Here is what scientists have found is happening to our climate: man-made global-warming pollution traps heat from the sun and increases atmospheric temperatures. These pollutants — especially carbon dioxide — have been increasing rapidly with the growth in the burning of coal, oil, natural gas and forests, and temperatures have increased over the same period. Almost all of the ice-covered regions of the Earth are melting — and seas are rising.

Of course, science isn’t finding that at all.
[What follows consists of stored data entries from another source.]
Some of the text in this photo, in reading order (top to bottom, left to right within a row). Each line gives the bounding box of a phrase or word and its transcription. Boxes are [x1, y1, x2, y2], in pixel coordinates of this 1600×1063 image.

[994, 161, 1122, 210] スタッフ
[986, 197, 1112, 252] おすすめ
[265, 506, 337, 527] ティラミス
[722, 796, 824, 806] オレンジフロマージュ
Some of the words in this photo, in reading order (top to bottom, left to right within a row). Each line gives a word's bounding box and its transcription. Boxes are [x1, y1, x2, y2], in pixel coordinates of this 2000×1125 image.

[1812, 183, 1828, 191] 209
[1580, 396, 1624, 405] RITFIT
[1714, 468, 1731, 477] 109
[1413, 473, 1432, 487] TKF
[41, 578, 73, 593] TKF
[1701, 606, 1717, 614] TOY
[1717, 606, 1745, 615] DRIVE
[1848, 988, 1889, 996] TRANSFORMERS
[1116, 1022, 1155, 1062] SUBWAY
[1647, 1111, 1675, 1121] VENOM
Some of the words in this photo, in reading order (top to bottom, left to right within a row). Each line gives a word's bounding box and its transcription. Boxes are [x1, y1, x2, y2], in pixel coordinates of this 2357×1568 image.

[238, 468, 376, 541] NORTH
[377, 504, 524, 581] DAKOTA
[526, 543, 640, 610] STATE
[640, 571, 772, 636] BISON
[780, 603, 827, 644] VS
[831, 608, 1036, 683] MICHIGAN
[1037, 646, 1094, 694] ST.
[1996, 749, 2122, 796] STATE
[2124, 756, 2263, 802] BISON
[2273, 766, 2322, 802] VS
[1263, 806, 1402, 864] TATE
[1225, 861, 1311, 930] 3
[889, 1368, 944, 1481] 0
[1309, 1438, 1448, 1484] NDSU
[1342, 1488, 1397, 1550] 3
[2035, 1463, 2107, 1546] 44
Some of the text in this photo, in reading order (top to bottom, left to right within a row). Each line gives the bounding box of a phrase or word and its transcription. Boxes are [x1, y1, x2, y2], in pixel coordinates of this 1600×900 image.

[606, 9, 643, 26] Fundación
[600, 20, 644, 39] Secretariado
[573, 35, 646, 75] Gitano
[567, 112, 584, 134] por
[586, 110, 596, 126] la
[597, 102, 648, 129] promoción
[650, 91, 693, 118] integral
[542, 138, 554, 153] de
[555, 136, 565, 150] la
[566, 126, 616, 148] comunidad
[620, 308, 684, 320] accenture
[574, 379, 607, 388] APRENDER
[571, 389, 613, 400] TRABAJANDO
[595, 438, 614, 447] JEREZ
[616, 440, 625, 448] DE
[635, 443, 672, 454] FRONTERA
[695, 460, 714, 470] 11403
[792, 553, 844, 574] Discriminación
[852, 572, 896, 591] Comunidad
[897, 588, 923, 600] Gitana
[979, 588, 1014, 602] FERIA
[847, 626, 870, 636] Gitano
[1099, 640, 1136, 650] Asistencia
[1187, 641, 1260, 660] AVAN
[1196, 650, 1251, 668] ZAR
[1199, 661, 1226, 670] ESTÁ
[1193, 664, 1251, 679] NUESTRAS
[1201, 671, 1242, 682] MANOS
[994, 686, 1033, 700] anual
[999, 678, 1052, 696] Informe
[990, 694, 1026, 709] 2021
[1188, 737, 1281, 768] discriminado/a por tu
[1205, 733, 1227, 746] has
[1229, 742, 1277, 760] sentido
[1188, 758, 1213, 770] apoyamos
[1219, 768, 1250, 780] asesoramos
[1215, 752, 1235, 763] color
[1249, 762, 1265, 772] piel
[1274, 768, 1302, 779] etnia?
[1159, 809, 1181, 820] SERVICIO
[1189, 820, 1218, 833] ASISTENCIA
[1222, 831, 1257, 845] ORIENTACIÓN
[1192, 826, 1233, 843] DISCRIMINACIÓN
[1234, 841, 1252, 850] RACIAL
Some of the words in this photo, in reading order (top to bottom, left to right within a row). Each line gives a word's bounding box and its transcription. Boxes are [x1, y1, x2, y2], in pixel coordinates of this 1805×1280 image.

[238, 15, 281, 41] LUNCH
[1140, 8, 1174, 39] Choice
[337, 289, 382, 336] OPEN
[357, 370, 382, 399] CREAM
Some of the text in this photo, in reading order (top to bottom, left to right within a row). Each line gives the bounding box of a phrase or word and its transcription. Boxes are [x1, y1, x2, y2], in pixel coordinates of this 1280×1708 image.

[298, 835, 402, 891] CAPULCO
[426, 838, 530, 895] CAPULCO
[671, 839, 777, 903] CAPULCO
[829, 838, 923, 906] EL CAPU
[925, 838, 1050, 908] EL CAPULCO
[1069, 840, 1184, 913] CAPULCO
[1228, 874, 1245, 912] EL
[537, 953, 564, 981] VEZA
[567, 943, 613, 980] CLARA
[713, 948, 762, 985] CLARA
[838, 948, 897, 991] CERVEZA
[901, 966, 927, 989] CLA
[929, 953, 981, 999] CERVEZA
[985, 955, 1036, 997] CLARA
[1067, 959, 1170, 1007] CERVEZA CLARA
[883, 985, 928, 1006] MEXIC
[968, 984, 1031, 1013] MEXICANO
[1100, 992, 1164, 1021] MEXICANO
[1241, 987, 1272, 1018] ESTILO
While it may be true that some of the ice-covered regions of the earth are melting, there is a) no proof that it is due to a greenhouse effect, b) no proof that man’s “pollutants” are causing a greenhouse effect and c) much proof that it is natural solar cycles which may be the cause of any warming taking place.

Or said another way, there is more “settled science” on the side of those claiming it is natural solar cycles causing any warming taking place than there is on the side claiming it is man who is responsible.

Gore continues on with his nonsense for some time to get to the crux of his real concern – no cap-and-trade means no rich Al Gore:

When the Senate failed to follow the lead of the House of Representatives, forcing the president to go to Copenhagen without a new law in hand, the Chinese balked. With the two largest polluters refusing to act, the world community was paralyzed.

Some analysts attribute the failure to an inherent flaw in the design of the chosen solution — arguing that a cap-and-trade approach is too unwieldy and difficult to put in place. Moreover, these critics add, the financial crisis that began in 2008 shook the world’s confidence in the use of any market-based solution.

But there are two big problems with this critique: First, there is no readily apparent alternative that would be any easier politically. It is difficult to imagine a globally harmonized carbon tax or a coordinated multilateral regulatory effort. The flexibility of a global market-based policy — supplemented by regulation and revenue-neutral tax policies — is the option that has by far the best chance of success. The fact that it is extremely difficult does not mean that we should simply give up.

Gore’s game is obvious. Jump start the process within the US political system while Democrats are still in power and get cap-and-trade passed. Then, with the US on-board, China and India can be shamed and pressured to join. Result? Al Gore’s enterprise grows flush.

Of course you’ve probably noticed that to buy into Gore’s scenario, you have to accept any number of premises, most of them false. You have to accept that carbon dioxide is a pollutant and not a natural byproduct of any number of natural processes (oceans being the largest producer via water vapor). You have to believe the science which has said carbon dioxide is a lagging indicator (by 800 years) of warming trends has suddenly decided it is a leading indicator and a cause. And you have to apparently believe that man has more effect on the climate than does the sun. Last, you have to really buy into the hubris which says ‘we can fix that’ if we just spend enough money, tax enough people and regulate enough of everyone’s lives.

You’re welcome to read the rest of his piece – it ends up using marginal “science” to push a political appeal to pass cap-and-trade, the bread and butter of the riches he hopes to reap from the fraud he’s helped perpetrate. He knows his scheme is in trouble, so he ends his appeal with:

We have overcome existential threats before. Winston Churchill is widely quoted as having said, “Sometimes doing your best is not good enough. Sometimes, you must do what is required.” Now is that time. Public officials must rise to this challenge by doing what is required; and the public must demand that they do so — or must replace them.

Churchill would most likely roll over in his grave if he knew his name was being invoked in such a disingenuous attempt at fleecing the world. I’ll agree with Gore on one thing, I demand that public officals do something – send cap-and-trade to the dustbin of history forever. And corral the EPA and make them back off this insane attempt to regulate carbon dioxide. If they won’t – replace them with those who will.